Yet the actual mechanisms of synaptic connectivity, at the cellular level, are “largely mysterious,” said Murthy — “Venki” to his friends. He has been at Harvard since 1999, arriving from postdoctoral work at the prestigious Salk Institute for Biological Studies. Only in the past decade, said Murthy, have scientists “begun to draw a reasonable cartoon” of how synapses work — how they grow, load up with the right chemicals, pass on information, communicate with one another, and get recycled.

Better understanding of how synapses work could one day have profound implications for the treatment of diseases affected by neural impulses. Included are Parkinson’s, autism, depression, and schizophrenia. (Mutations in certain genes tied to synaptic function have been linked to schizophrenia, whose genetic origins are an interest of Murthy’s.)

He and his research team are using the brains of mice to model how synapses work. Specifically, they are taking real-time pictures of the way synapses light up in a region of the brain called the olfactory bulb, where odor information is processed.

Eventually, they’ll explore the way synapses are altered by experience in a deeper and more complex region of the brain called the cortex.

In the meantime, the olfactory bulb as a model offers many advantages. It’s close to the surface of the skull, eliminating the need for imprecise and invasive probes. And it’s a sensory system — meaning that it has a known set of responses to known stimuli. A smell produces a predictable reaction within a discrete location of the brain.

But observing and measuring synaptic connectivity even in the accessible and transparent olfactory system is a technical challenge. For one, neurons are tiny, measured in millionths of a meter — each about 10 microns across. For another, their related synapses fire in transient bursts, covering just fractions of a second.

So Murthy and his researchers have built recording and measurement gear from scratch. In several labs there are combinations of powerful multiphoton microscopes optical microscopy arrays that record synaptic firing and download it into computers as images and machines that deliver sequential odor stimuli in precise doses to the noses of rodents.

In one lab, one such olfactometer sprouts 100 tubes, each capable of measuring out precise puffs of smell from synthetic chemicals. (Some of the odors are familiar, like camphor and spearmint. Most are synthetic chemicals known to light up the olfactory center.) The odor signals go to a mouse, whose cascade of changing brain reactions are captured on a computer screen.

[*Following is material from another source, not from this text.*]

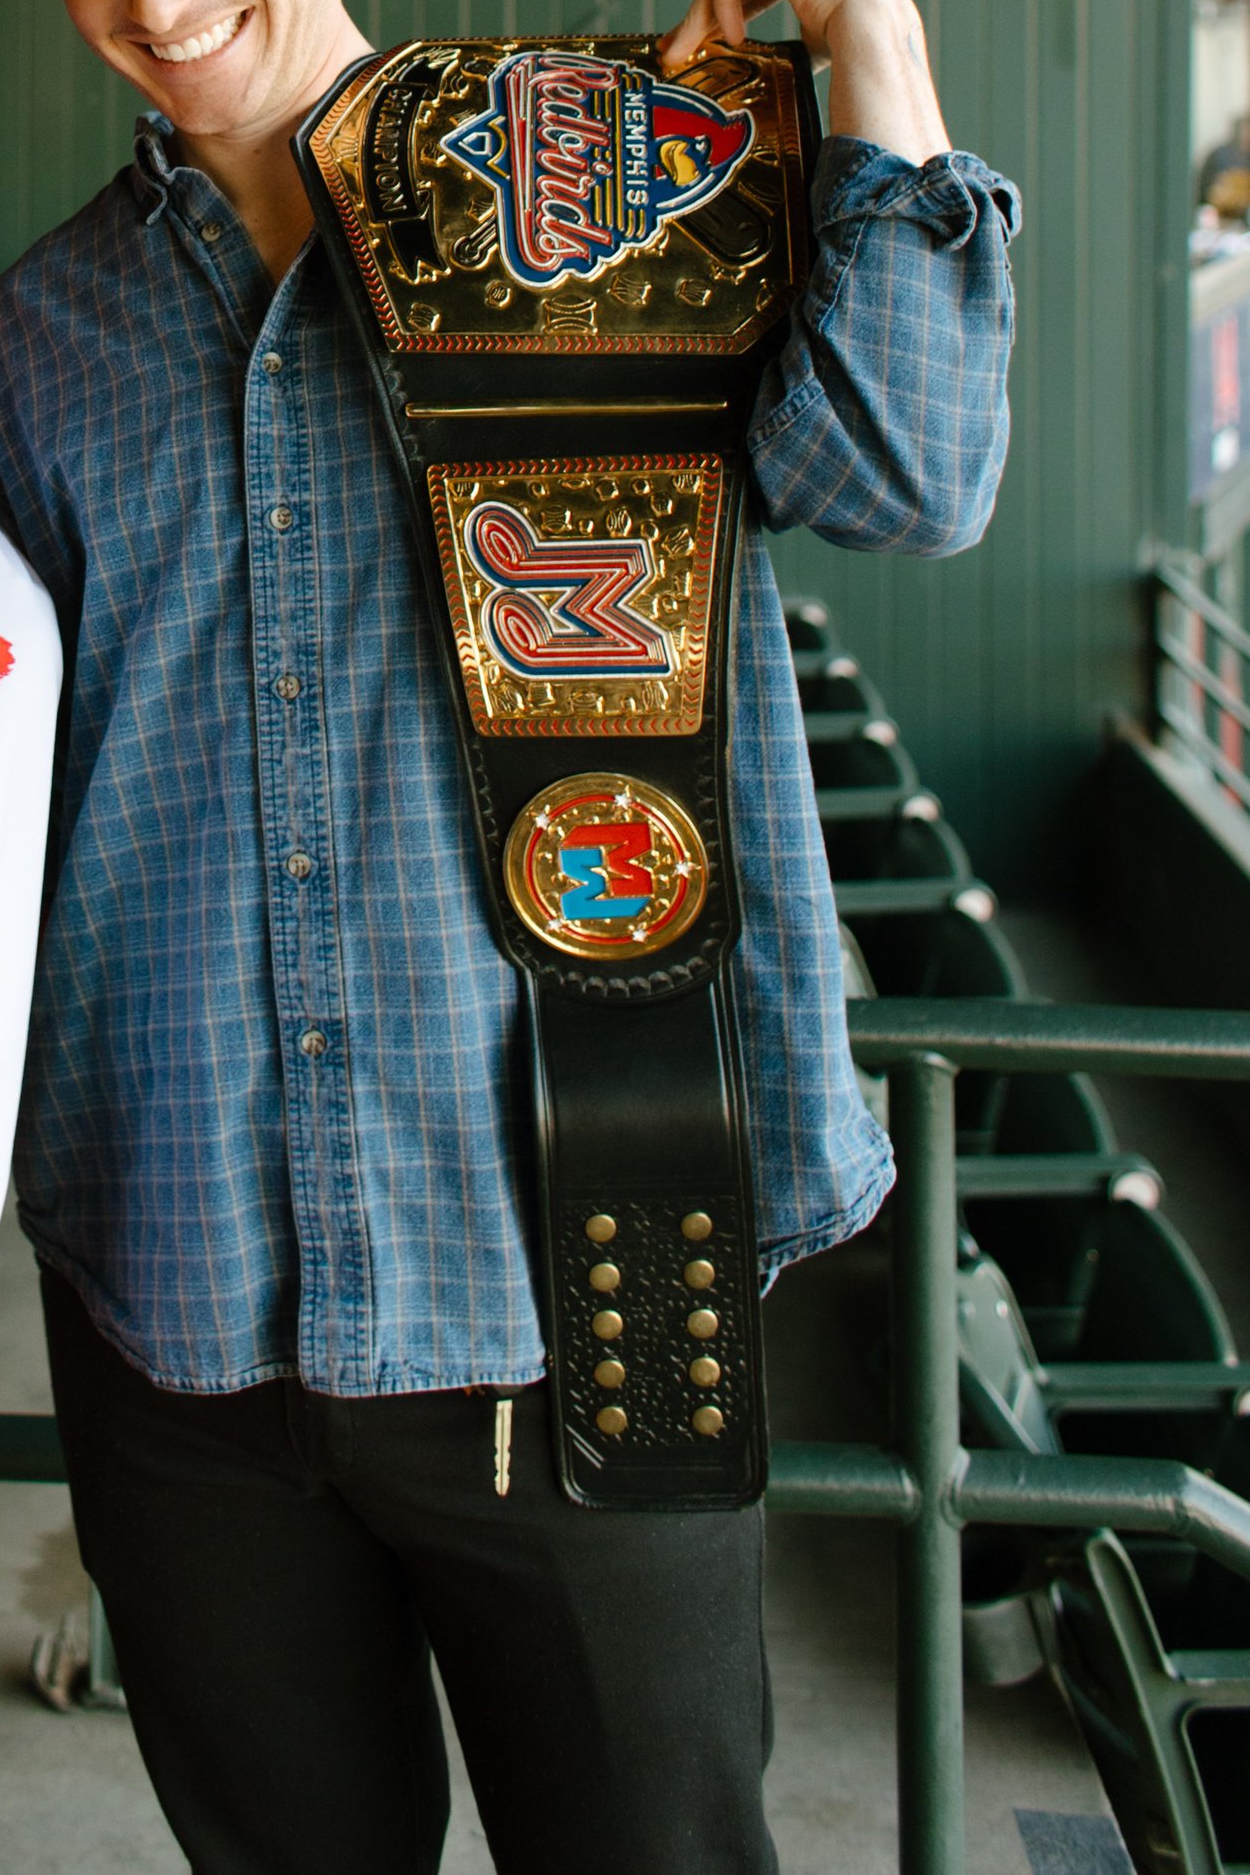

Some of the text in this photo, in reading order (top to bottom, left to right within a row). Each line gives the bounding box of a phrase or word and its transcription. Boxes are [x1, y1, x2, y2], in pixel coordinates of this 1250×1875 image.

[374, 88, 409, 212] CHAMPION
[534, 55, 620, 267] Redbirds
[624, 90, 650, 209] MEMPHIS

In his office, Murthy presses a few buttons on his laptop. A video appears, showing a rodent skittering around a tiny box blanketed with an odorant-soaked paper towel. Attached to the mouse’s head is an array of hairlike flexible wires a meter long. They transmit, in real time, images of the mouse’s reaction to odor stimulation.

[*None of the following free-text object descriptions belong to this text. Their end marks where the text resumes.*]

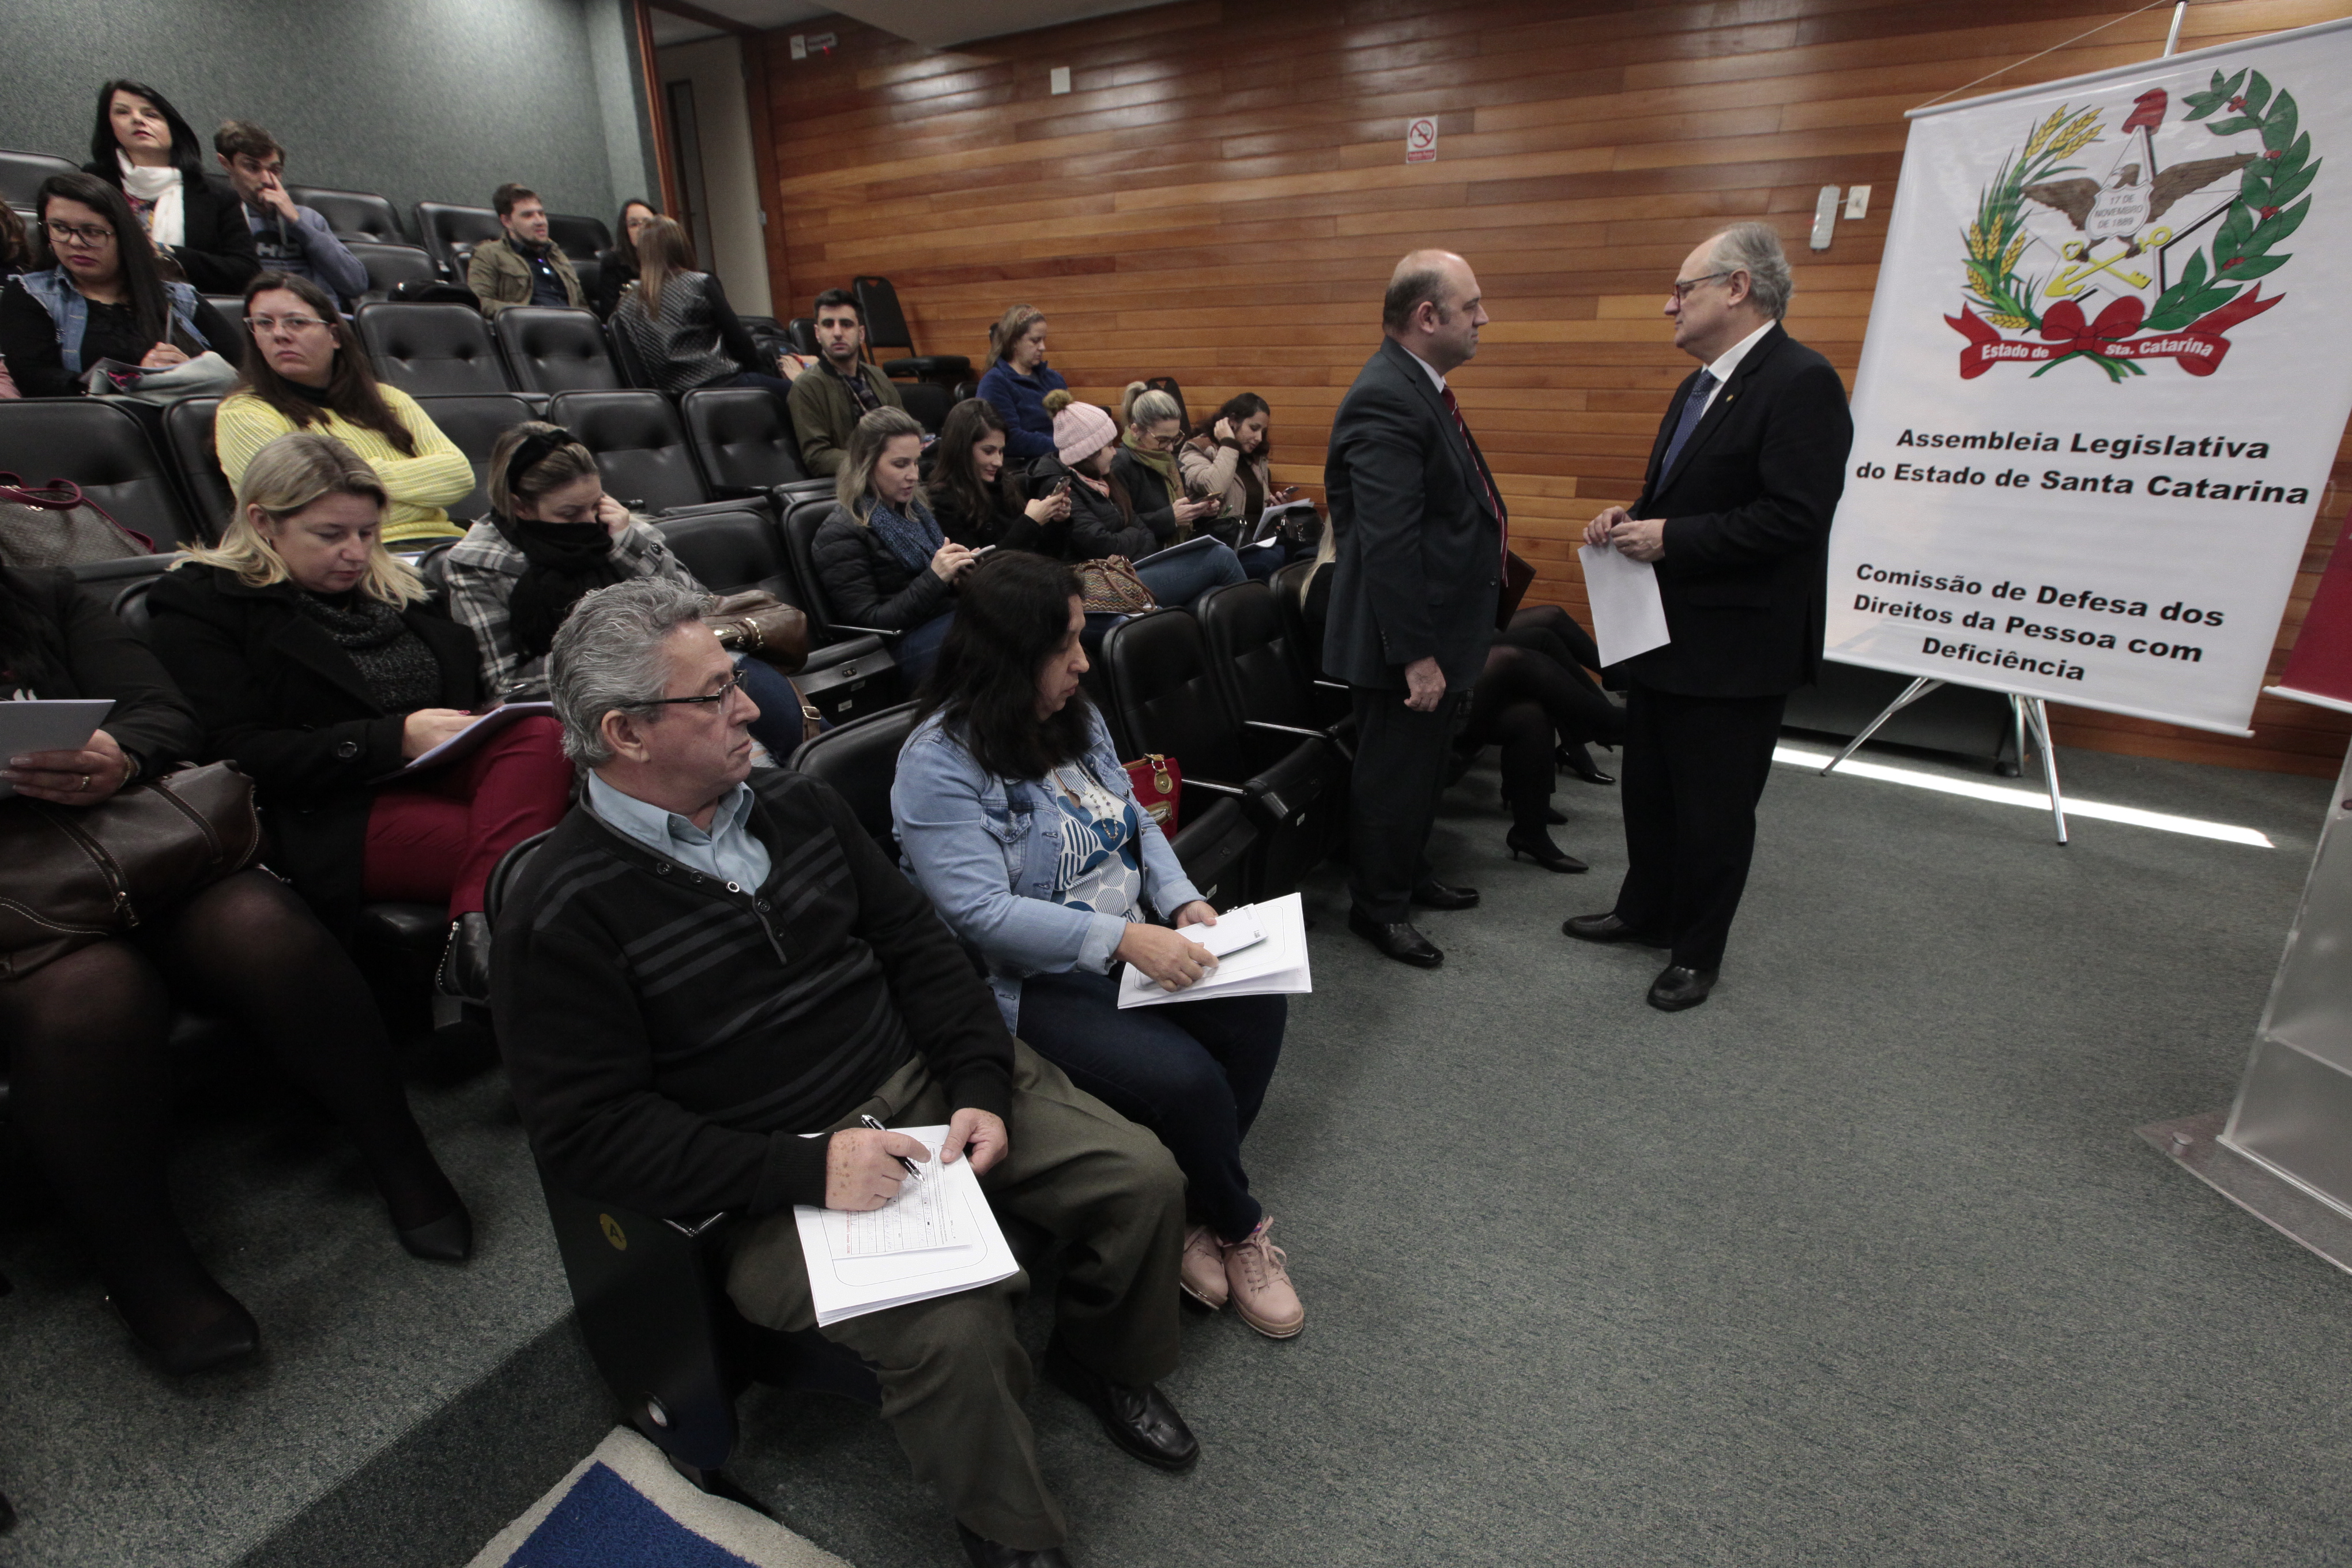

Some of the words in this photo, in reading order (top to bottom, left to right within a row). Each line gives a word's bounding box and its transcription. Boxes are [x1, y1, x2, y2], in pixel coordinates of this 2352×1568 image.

[2094, 204, 2144, 217] NOVEMBRO
[2110, 196, 2121, 205] 17
[2122, 194, 2135, 203] DE
[2097, 219, 2111, 229] DE
[2112, 217, 2134, 227] 1889
[1981, 344, 2028, 360] Estado
[2031, 347, 2050, 359] de
[2105, 344, 2135, 355] Sta.
[2139, 337, 2214, 357] Catarina
[1897, 430, 2059, 451] Assembleia
[2071, 434, 2269, 459] Legislativa
[1857, 462, 1885, 478] do
[1895, 464, 1985, 485] Estado
[1996, 469, 2029, 488] de
[2041, 471, 2134, 493] Santa
[2148, 476, 2308, 504] Catarina
[1857, 564, 1982, 595] Comissão
[1992, 581, 2026, 600] de
[2037, 586, 2147, 616] Defesa
[2161, 602, 2223, 626] dos
[1854, 595, 1952, 623] Direitos
[1962, 612, 1995, 630] da
[2006, 616, 2116, 649] Pessoa
[2128, 639, 2202, 662] com
[1923, 638, 2084, 680] Deficiência
[609, 1223, 623, 1243] A

The skittering rodent is breaking scientific ground. So will the mouse soon to run in place atop a rotating plastic ball, in a laser-based measuring device being constructed in another Murthy lab. Ordinarily, observing synaptic activity is done in anesthetized animals, not ones that are alert, awake, and reacting to their surroundings.

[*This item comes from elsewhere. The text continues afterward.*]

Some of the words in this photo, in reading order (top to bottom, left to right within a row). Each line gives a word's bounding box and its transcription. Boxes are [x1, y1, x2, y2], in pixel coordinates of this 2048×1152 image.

In his first years at Harvard, Murthy continued his Salk Institute experiments, studying synaptic activity in vitro by watching how nerve cells from the hippocampus, isolated in a Petri dish, react to stimuli. That’s good for understanding the “detailed mechanisms” of synapse biochemistry, he said. But there’s no substitute for in vivo research — looking at “synapses during the actual behavior in the actual animal,” said Murthy. “We want to understand [synaptic connectivity] in the context of the real thing.”

Natural experiments like this, in monkeys, occupied Murthy when he was a doctoral student in physiology and biophysics at the University of Washington, Seattle.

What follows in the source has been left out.